Callisti

09 August 2015 | Sidney BC
05 March 2013 | Tenacatita
01 December 2012 | N 'N:W 'E, Punta Mita
01 December 2012 | 'N: 'W, Enroute to Punta Mita
27 November 2012 | Chacala, Mexico
07 October 2012 | 32 43.6'N:117 12.1'W, San Diego
17 September 2012 | 34 27'N:120 26'W, Coho Anchorage California
16 September 2012 | 35 10'N:120 44'W, San Luis Obispo, California
27 August 2012 | 37 51'N:122 29'W, Sausalito California
05 August 2012 | Gabriola

Down the coast

27 August 2012 | 37 51'N:122 29'W, Sausalito California
ROLAND
Well, we did it. Not nearly as bad as expected although we did have our adventures. We left Silva Bay in the afternoon of August 15. I'm not sure how, but we managed to find a home for all of the "stuff" we have taken with us. After spending the night at Montague Harbour we motored most of the way to Cadboro Bay in hot sunny weather. Cadboro Bay was alive with sailing dinghies with kids of all ages enjoying their sailing lessons. Very cute were the youngest kids (four or five years old) who were towed out from the marina in their little Minto dinghies - four kids to a dinghy. Very cute. We left for Port Angeles early the next morning and had a wonderful beam reach in moderate winds all the way across. Just as we crossed the ocean border to America we raised our quarantine flag and no sooner were approached by a Homeland Security Zodiac. Very friendly. Very professional. Very fast.
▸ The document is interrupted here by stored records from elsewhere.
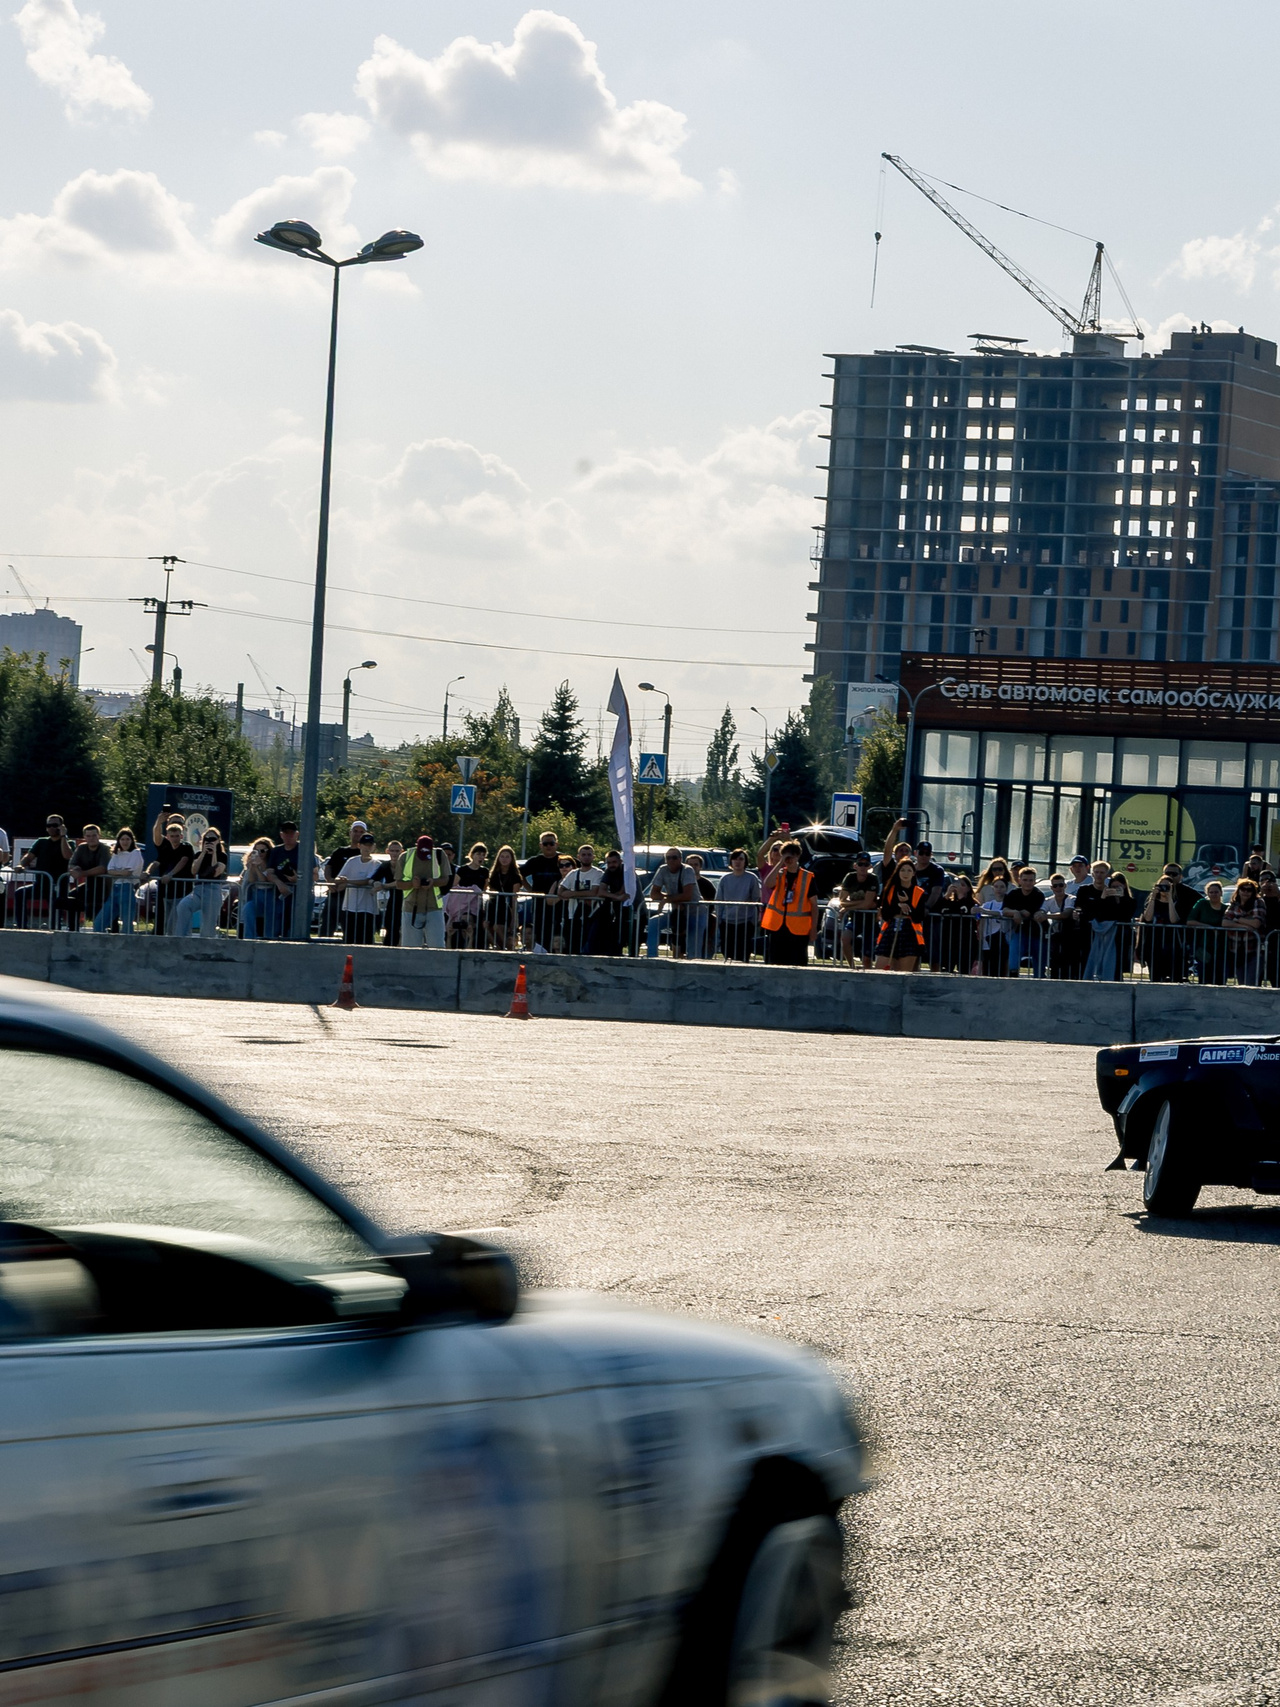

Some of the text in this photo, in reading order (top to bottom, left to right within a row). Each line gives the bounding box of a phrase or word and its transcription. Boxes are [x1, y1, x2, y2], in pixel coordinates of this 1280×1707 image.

[939, 676, 992, 699] Сеть
[998, 683, 1110, 704] автомоек
[1120, 817, 1149, 826] Ночью
[1120, 828, 1161, 836] выгоднее
[1202, 1049, 1243, 1061] AIMOL
Their Zodiac was powered by four 250HP outboards that allowed them to approach so quickly, you didn't know they were near until they were right there. The rest of the sail was without incident until we entered Port Angeles Bay where immediately, another high speed Zodiac from US Coast Guard approached us to confirm we were heading into immigration. Very efficient and very friendly. When we finally tied up to the immigration dock, our processing and cruising permit were handled smoothly by a very courtious immigration officer. The term Homeland Security took on a more serious meaning that day. VERY efficient, yet very friendly. When all was said and done, we felt truly welcomed to America. Our friend Rob joined us later that evening after arriving on the ferry Coho from Victoria. Rob had never been offshore before either, so between the three of us we managed to concoct all sorts of horror stories about the trip ahead. We had dinner at a nice Italian restaurant, and contrary to sage advice, managed to have a bit too much red wine. One of us (me) would pay the price the next day.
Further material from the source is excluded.